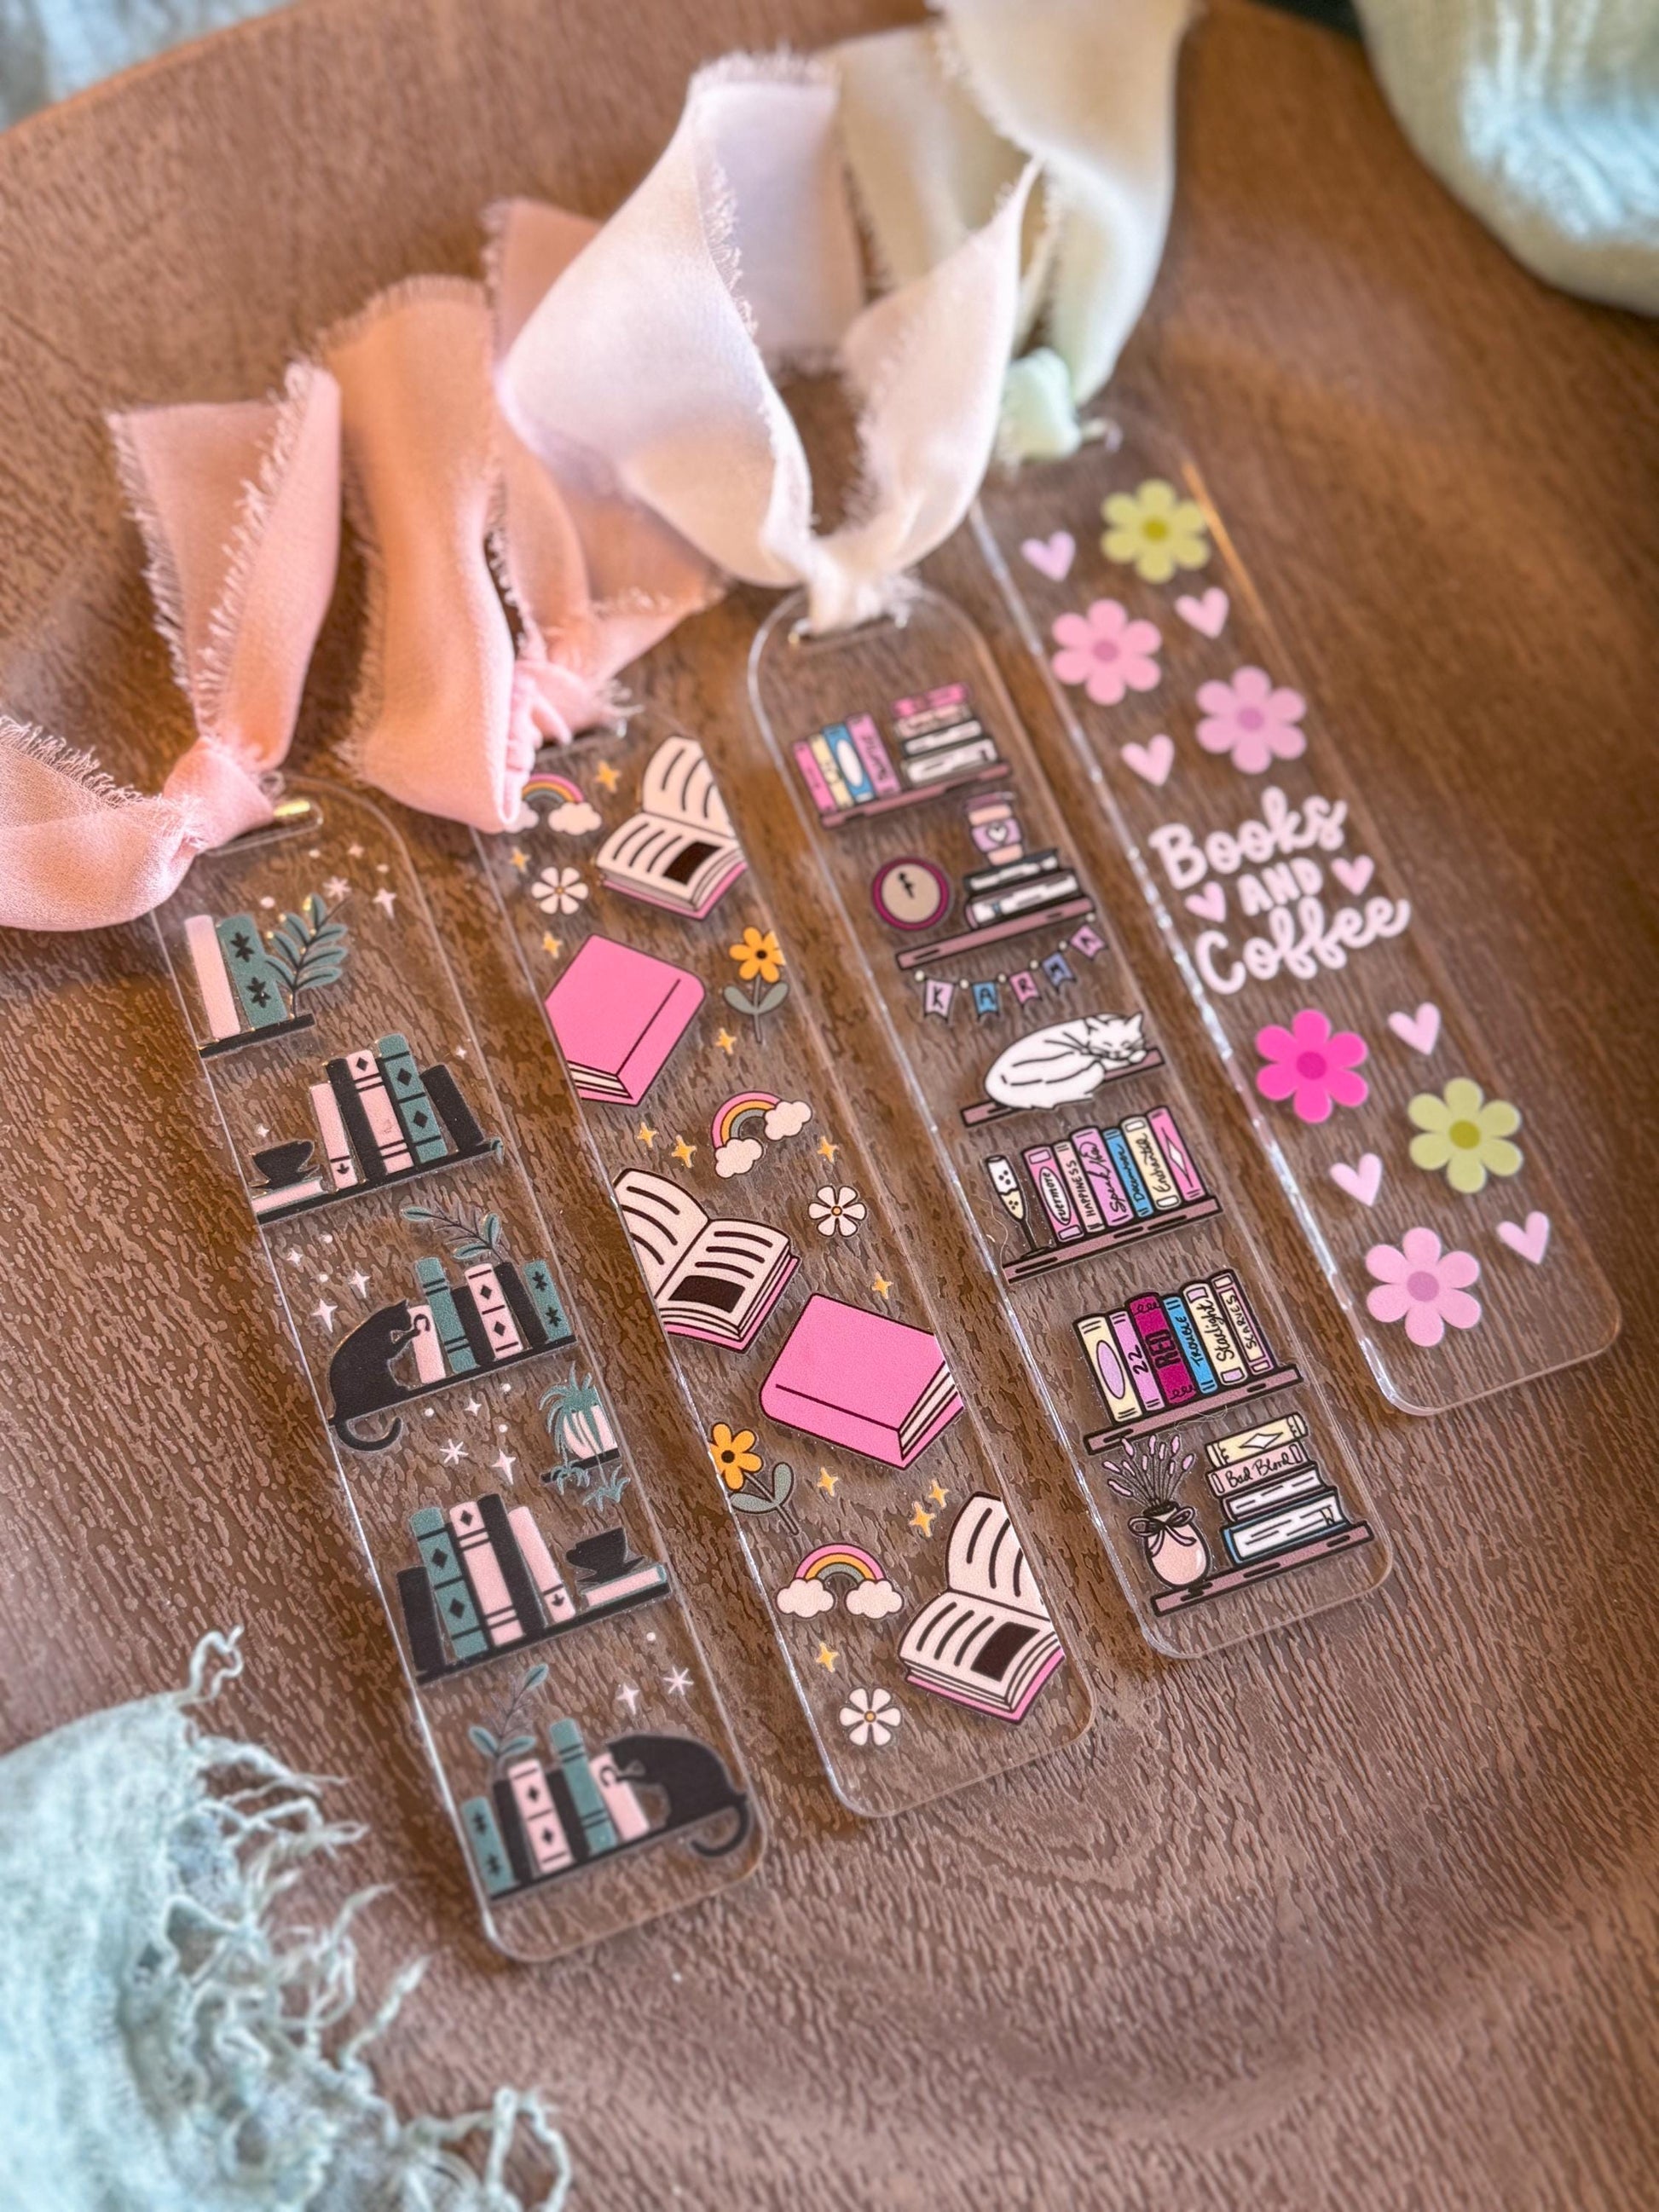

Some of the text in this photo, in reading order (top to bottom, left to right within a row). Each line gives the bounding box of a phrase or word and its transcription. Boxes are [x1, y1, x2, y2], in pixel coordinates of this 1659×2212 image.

[1147, 786, 1348, 890] Books
[1238, 858, 1322, 916] AND
[1194, 895, 1411, 994] Coffee
[1042, 1171, 1071, 1223] evermore
[1066, 1159, 1095, 1217] HAPPINESS
[1145, 1330, 1182, 1369] RED
[1176, 1315, 1202, 1367] TROUBLE
[1195, 1299, 1235, 1361] Starlight
[1226, 1294, 1257, 1350] SCARVES
[1128, 1344, 1148, 1375] 22
[1224, 1466, 1253, 1487] Bad
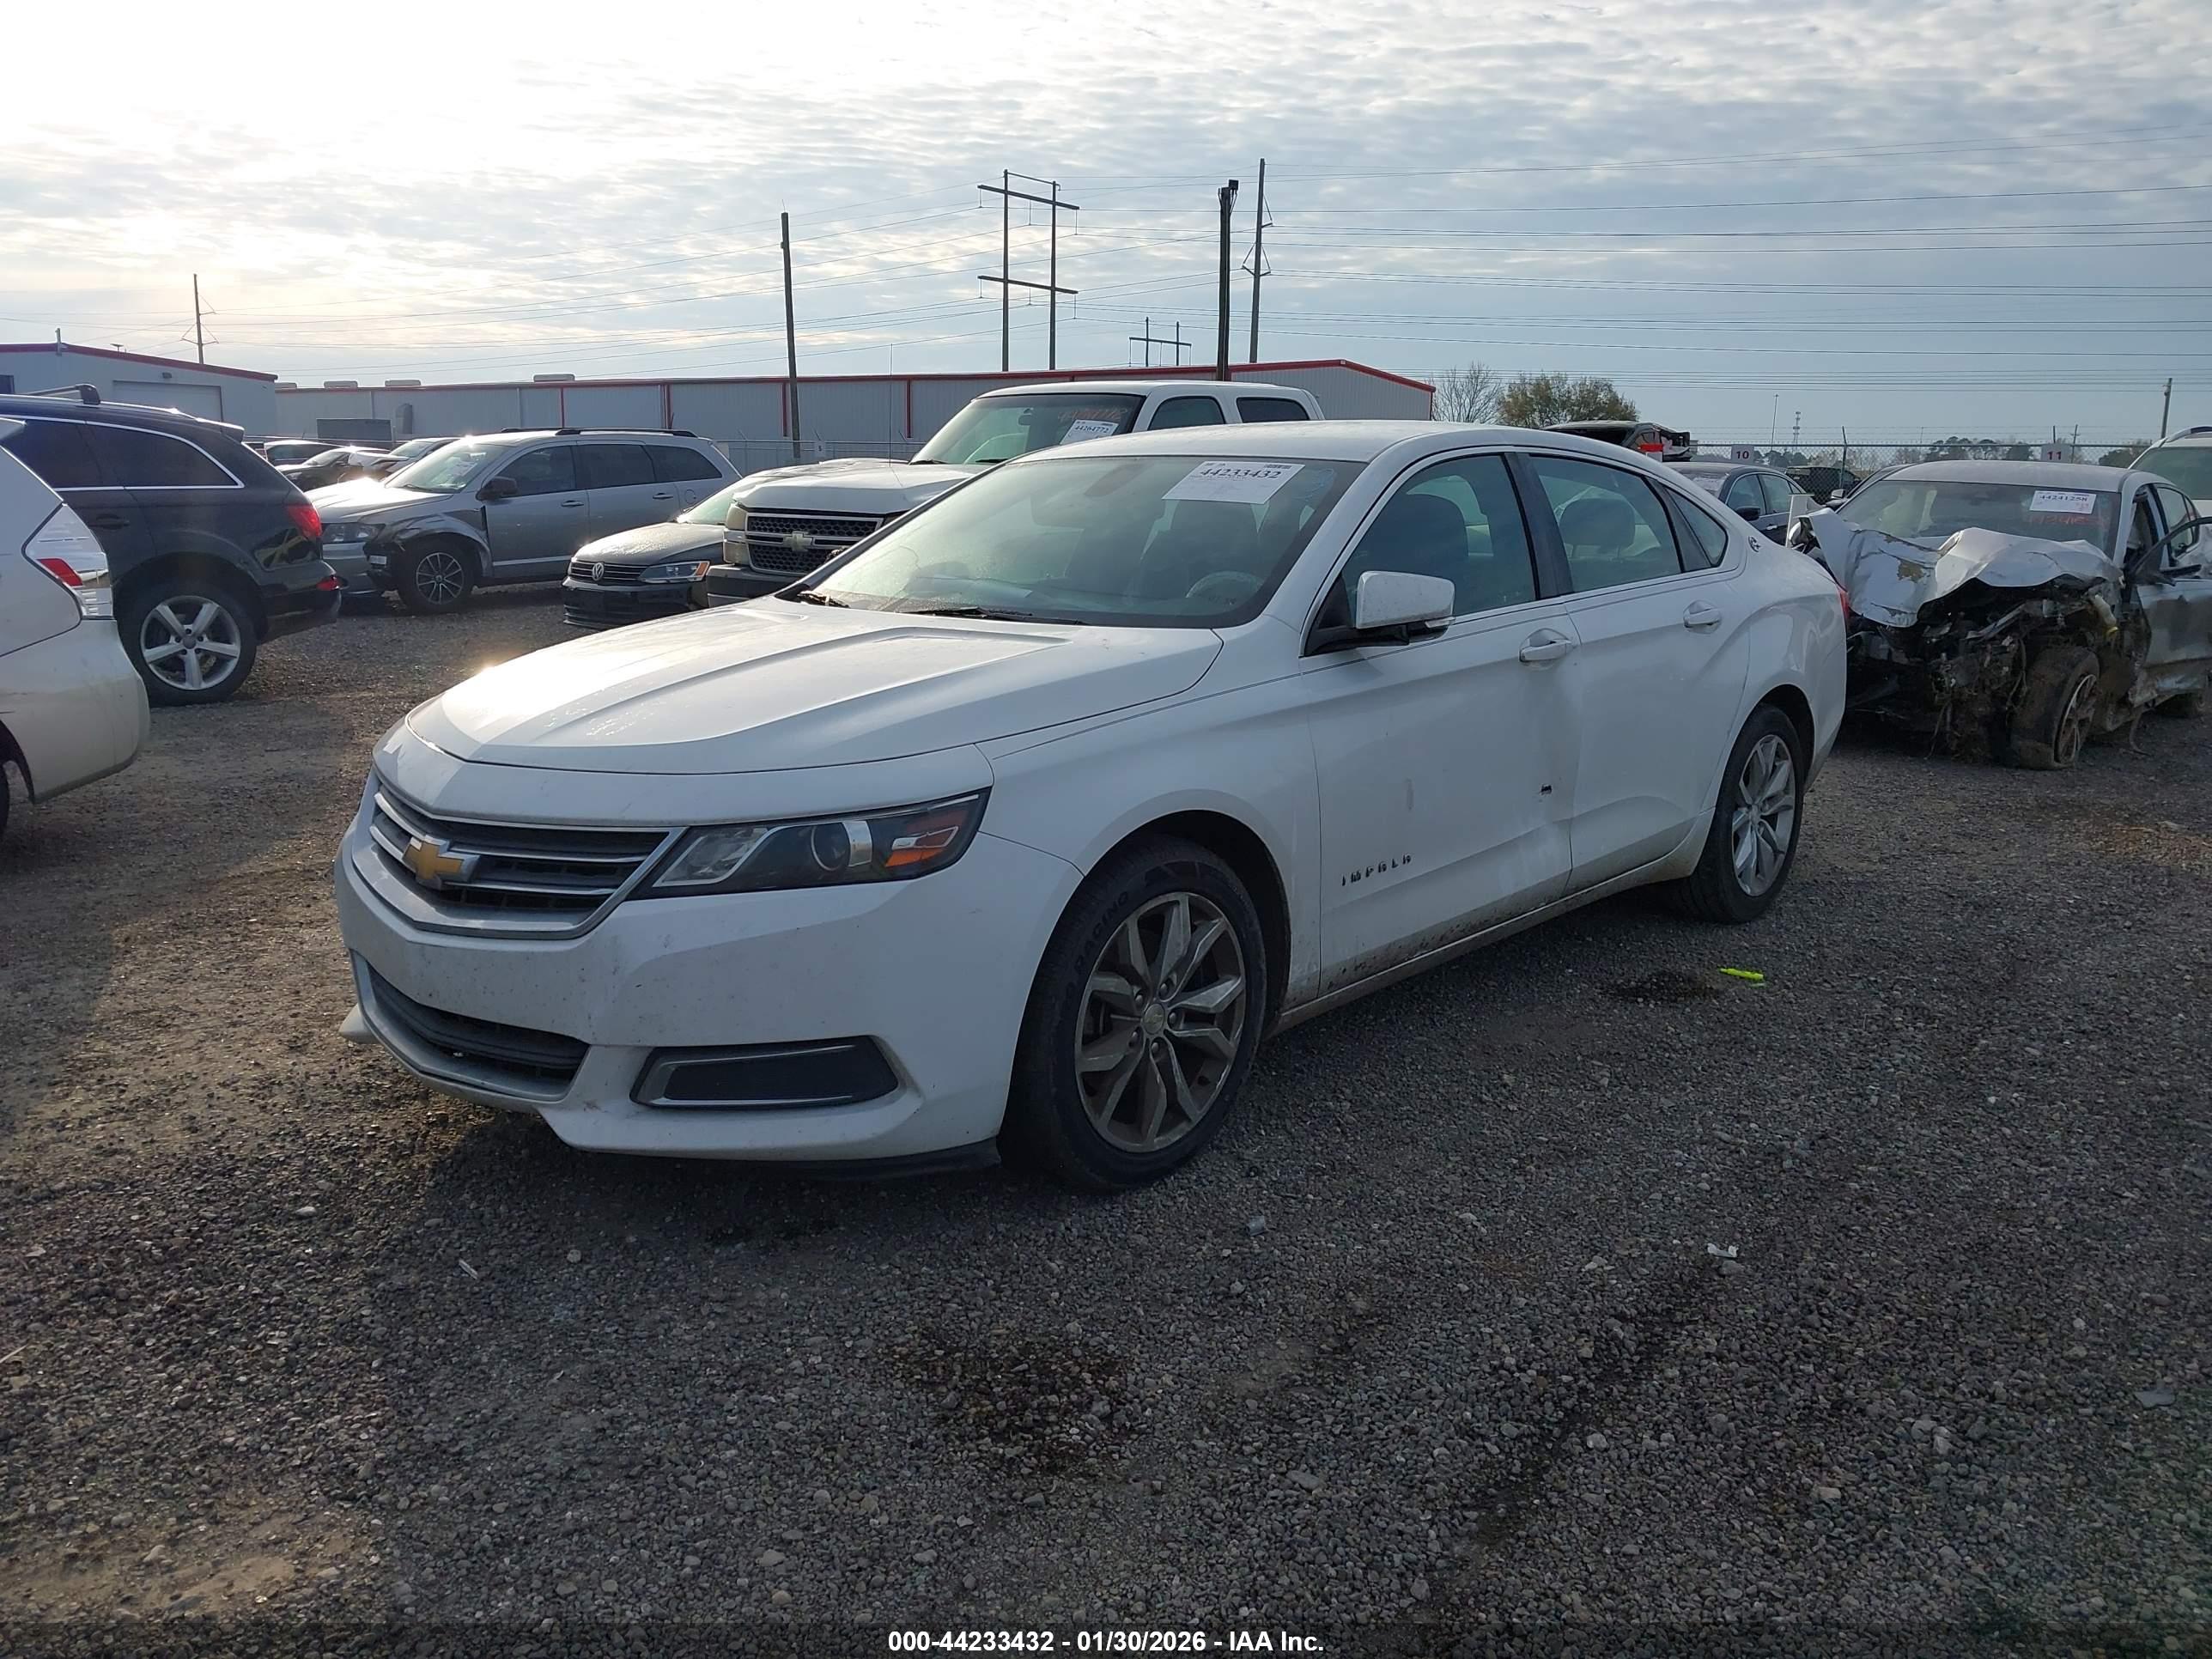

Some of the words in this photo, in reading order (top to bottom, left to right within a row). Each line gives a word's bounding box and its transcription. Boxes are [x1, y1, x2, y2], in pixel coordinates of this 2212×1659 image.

[2047, 452, 2061, 460] 11
[1200, 468, 1282, 479] 44233432
[1341, 854, 1412, 886] IMPALA

Description of the task: From the first line to the last, retype the data exactly, but omit every image.

Exercise answer:
Some of the text in this photo, in reading order (top to bottom, left to right within a row). Each line gives the bounding box of a phrase or word and its transcription. Boxes are [x1, y1, x2, y2], in pixel coordinates of this 1659×2212 image.

[1147, 786, 1348, 890] Books
[1238, 858, 1322, 916] AND
[1194, 895, 1411, 994] Coffee
[1042, 1171, 1071, 1223] evermore
[1066, 1159, 1095, 1217] HAPPINESS
[1145, 1330, 1182, 1369] RED
[1176, 1315, 1202, 1367] TROUBLE
[1195, 1299, 1235, 1361] Starlight
[1226, 1294, 1257, 1350] SCARVES
[1128, 1344, 1148, 1375] 22
[1224, 1466, 1253, 1487] Bad

Some of the words in this photo, in reading order (top to bottom, left to right within a row). Each line gives a word's bounding box and its transcription. Boxes are [x1, y1, x2, y2], in pixel coordinates of this 2212×1659 image.

[2047, 452, 2061, 460] 11
[1200, 468, 1282, 479] 44233432
[1341, 854, 1412, 886] IMPALA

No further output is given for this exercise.